It’s no surprise that air pollution is bad for our bodies, especially respiratory systems. But what about cancer? A recent study from researchers at the National Institutes of Health (NIH) is one of the largest to look at the link between outdoor air pollution levels and breast cancer. The results raise concern and demand attention to air quality.

Fine particulate-matter air pollution is a mixture of toxins in the air that are microscopic (equal or less than 2.5 microns in size). Also called ambient fine particulate matter, these toxins can be deeply inhaled into the lungs where they enter the blood stream and disperse through the body. A growing amount of research evidence suggests that fine particulate matter exposure is associated with an increased risk of breast cancer. One review of six European studies found an increased breast cancer risk of about 6 percent.

What the NIH Air Pollution Study Looked At

The NIH team used data on air pollution exposure for close to 200,000 women who were enrolled in the NIH-AARP Diet and Health Study, which began in 1995. They matched breast cancer diagnosis rates with levels of particulate-matter air pollution in six states (California, Florida, Pennsylvania, New Jersey, North Carolina, and Louisiana) and two cities, Atlanta and Detroit. This study is the first to include exposure risk starting 10-15 years before the study began. Other studies have only looked at exposure during the years of the study. This study also breaks down the risk by the type of breast cancer.

The average age of the women in the study was 62. During about 20 years of follow-up, there were 15,870 breast cancers diagnosed. A 10-microgram increase in particulate-matter air pollution was associated with an 8 percent increase in breast cancer incidence. Eight percent is a significant increase, and a risk factor shared by all women exposed to this type of air pollution. All the areas surveyed had an increase in breast cancer linked to particulate matter air pollution. The highest increase was for Atlanta at 22 percent. For the states, California had the lowest risk at 6 percent and North Carolina, the highest at 26 percent.

Pollution Is an Estrogen Disrupter

This study also broke down the cancers by estrogen receptor status. Most breast cancers are sensitive to the female hormone estrogen, called ER positive cancers. These tumors use estrogen to help them grow. The increase in breast cancer diagnosis was in ER positive cancers. This may explain how particulate matter air pollution increases breast cancer risk. Many of the toxins included in particulate matter are estrogen disruptors, meaning they may increase estrogen production in the body.

Particulate matter is a mixture of solid and liquid particles or droplets in the air from motor vehicle exhaust fumes, burning of oil or coal, industrial waste, or smoke from burning wood or vegetation. Airborne toxins that are estrogen disruptors include polybrominated diphenyl ethers, phthalates, and metals. Other possible carcinogenic particles can include organic compounds, ammonium, nitrate, ozone, sulfate, and others.

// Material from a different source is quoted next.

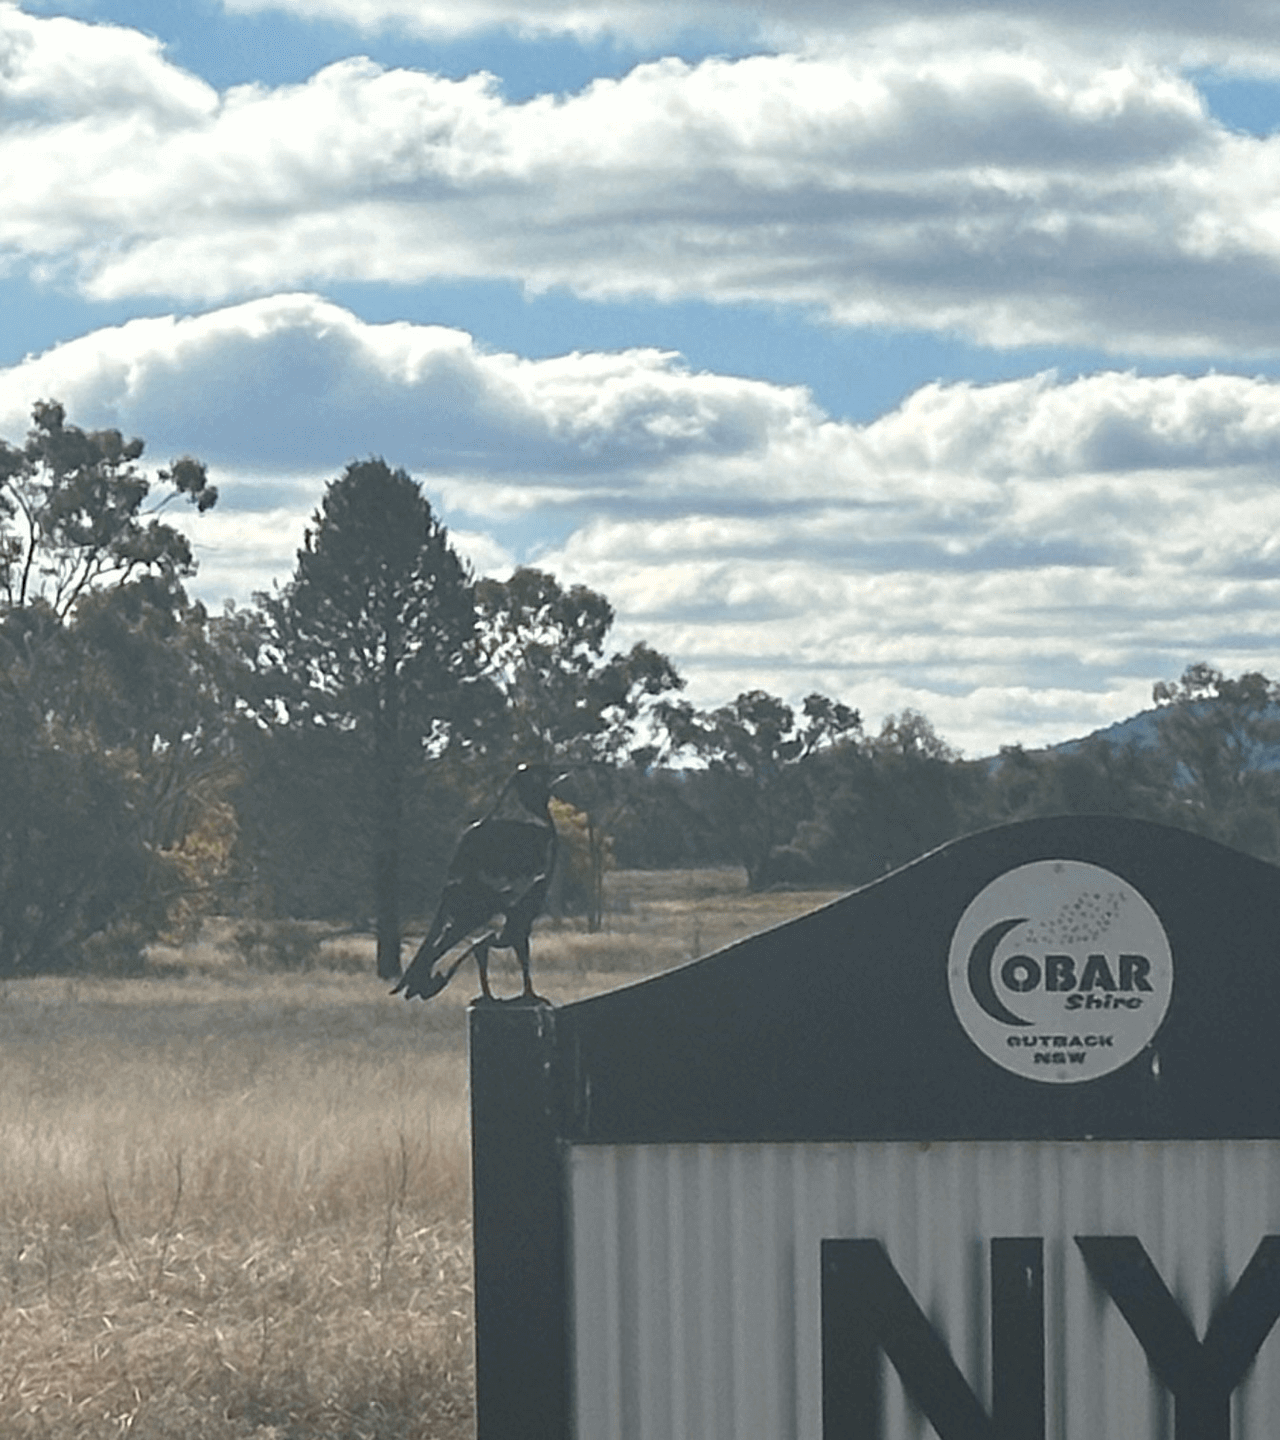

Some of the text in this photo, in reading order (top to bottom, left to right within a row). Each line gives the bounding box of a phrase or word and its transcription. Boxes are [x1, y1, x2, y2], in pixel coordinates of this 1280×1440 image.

Breast cancer is the most common cancer in women, other than skin cancer. Known risk factors for breast cancer are family history (genes), reproductive history, alcohol intake, estrogen medications, and obesity. Reducing and avoiding air pollution may be a way women can reduce their risk of breast cancer. The U.S. Environmental Protection Agency provides a website called Air Now ( where you can enter your zip code and find out about air quality and the level of particulate-matter air pollution in your area.

Source: “Ambient Fine Particulate Matter and Breast Cancer Incidence in a Large Prospective US Cohort,” by researchers at the National Institute of Environmental Health Sciences, published in the Journal of the National Cancer Institute.